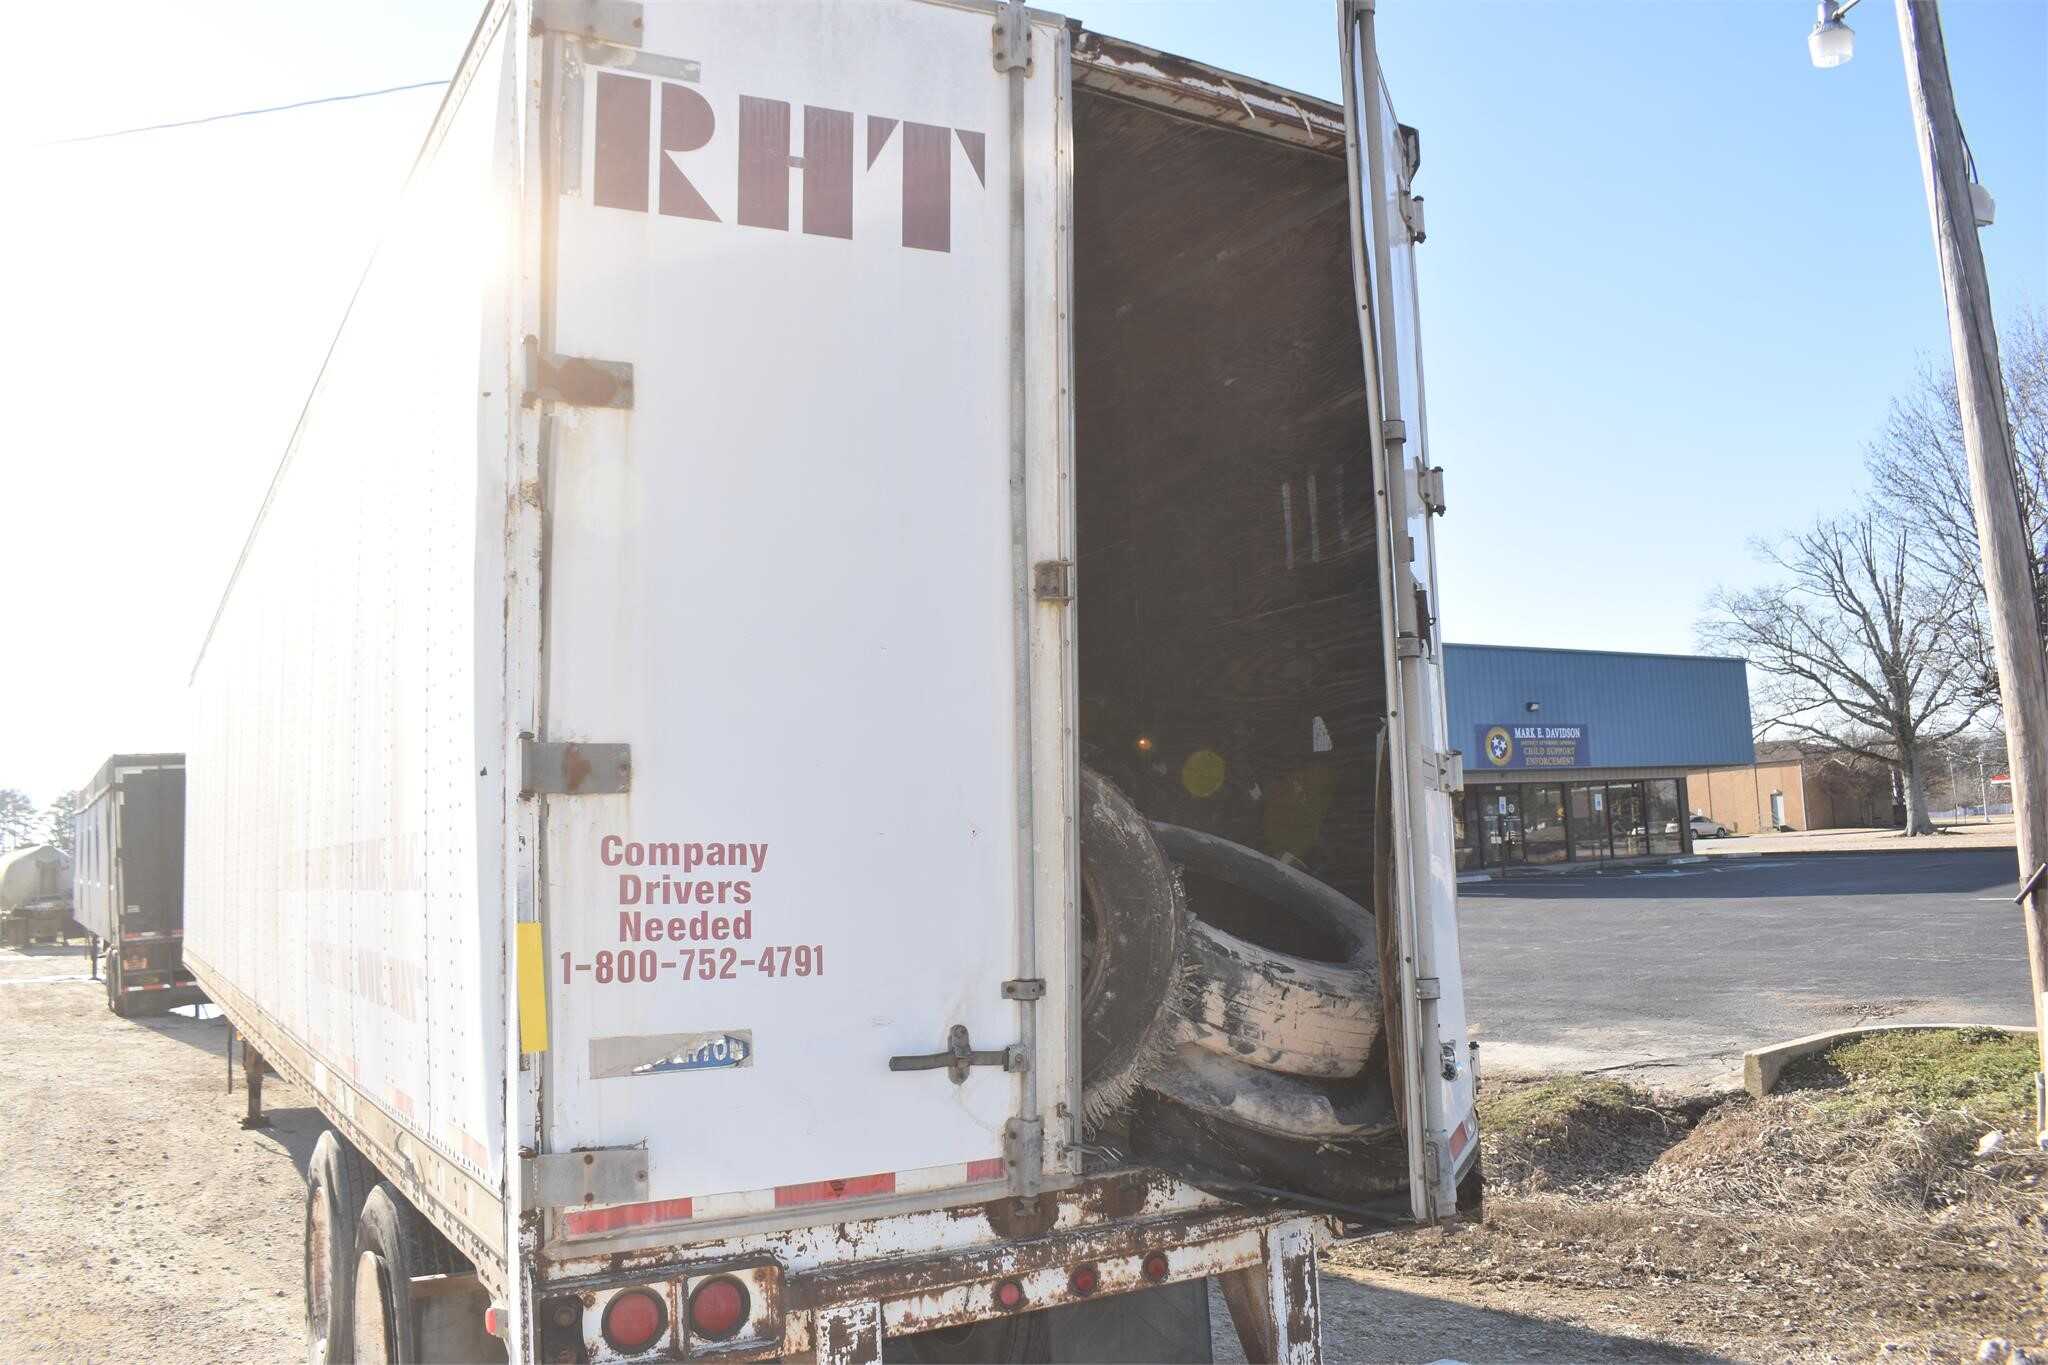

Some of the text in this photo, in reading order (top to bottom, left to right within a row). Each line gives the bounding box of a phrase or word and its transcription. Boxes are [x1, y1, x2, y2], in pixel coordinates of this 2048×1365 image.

[594, 71, 985, 253] RHT
[1514, 727, 1581, 738] MARK E. DAVIDSON
[601, 835, 768, 873] Company
[619, 874, 752, 905] Drivers
[619, 910, 752, 942] Needed
[560, 945, 823, 985] 1-800-752-4791
==========
§ GOAL OF THE EXERCISE
Only the records, copied exactly and without pictures, should make up the answer.

§ EXERCISE SOLUTION
Some of the text in this photo, in reading order (top to bottom, left to right within a row). Each line gives the bounding box of a phrase or word and its transcription. Boxes are [x1, y1, x2, y2], in pixel coordinates of this 2048×1365 image.

[594, 71, 985, 253] RHT
[1514, 727, 1581, 738] MARK E. DAVIDSON
[601, 835, 768, 873] Company
[619, 874, 752, 905] Drivers
[619, 910, 752, 942] Needed
[560, 945, 823, 985] 1-800-752-4791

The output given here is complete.